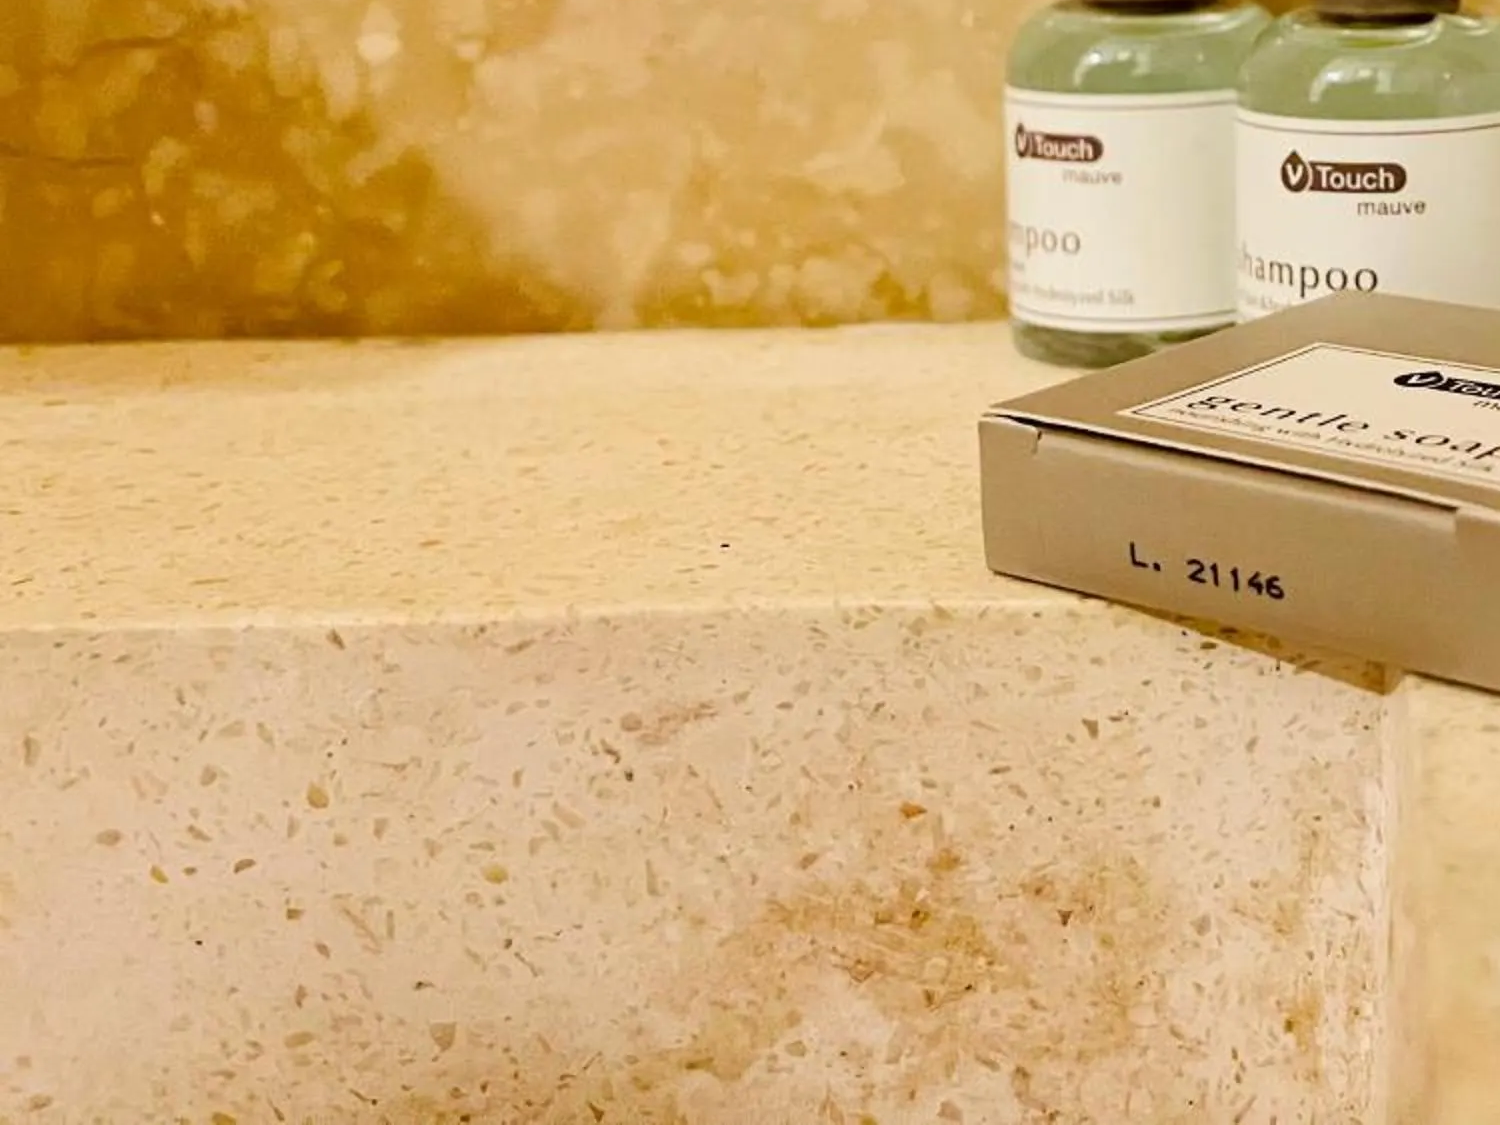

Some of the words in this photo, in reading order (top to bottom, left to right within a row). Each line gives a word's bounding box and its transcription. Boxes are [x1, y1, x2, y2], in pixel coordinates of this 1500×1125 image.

[1034, 134, 1094, 160] Touch
[1062, 168, 1122, 185] mauve
[1315, 165, 1396, 191] Touch
[1356, 199, 1427, 216] mauve
[1238, 240, 1379, 298] hampoo
[1186, 395, 1370, 433] gentle
[1129, 540, 1162, 573] L.
[1186, 558, 1286, 601] 21146
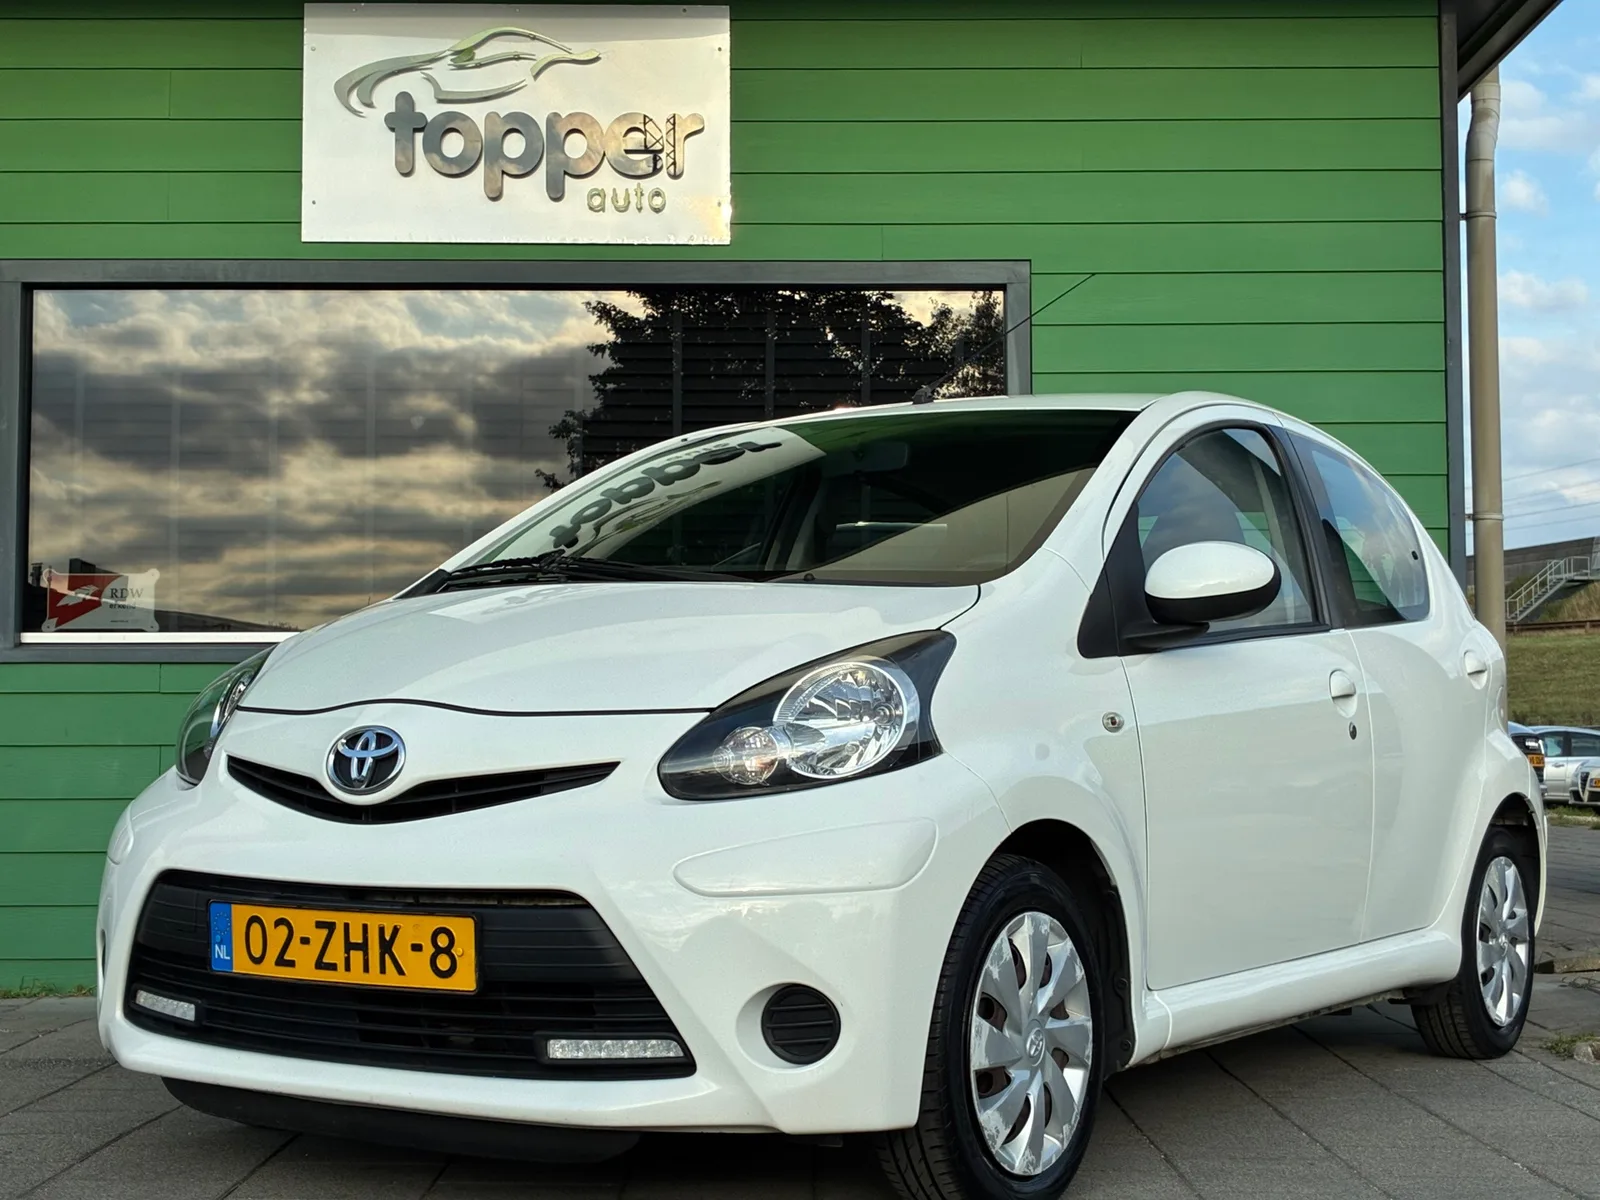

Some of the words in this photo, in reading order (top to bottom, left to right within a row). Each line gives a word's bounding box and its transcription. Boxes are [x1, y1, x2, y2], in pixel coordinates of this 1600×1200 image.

[384, 91, 704, 200] topper
[587, 182, 666, 213] auto
[110, 587, 144, 599] RDW
[215, 944, 230, 960] NL
[244, 914, 457, 979] 02-ZHK-8
+ + + + + + +
To do ->
An exact copy of the lines from the one containing "this 1600×1200 image." through the last line of the material, both included, is to be printed, and nothing else.

Exercise solution ->
Some of the words in this photo, in reading order (top to bottom, left to right within a row). Each line gives a word's bounding box and its transcription. Boxes are [x1, y1, x2, y2], in pixel coordinates of this 1600×1200 image.

[384, 91, 704, 200] topper
[587, 182, 666, 213] auto
[110, 587, 144, 599] RDW
[215, 944, 230, 960] NL
[244, 914, 457, 979] 02-ZHK-8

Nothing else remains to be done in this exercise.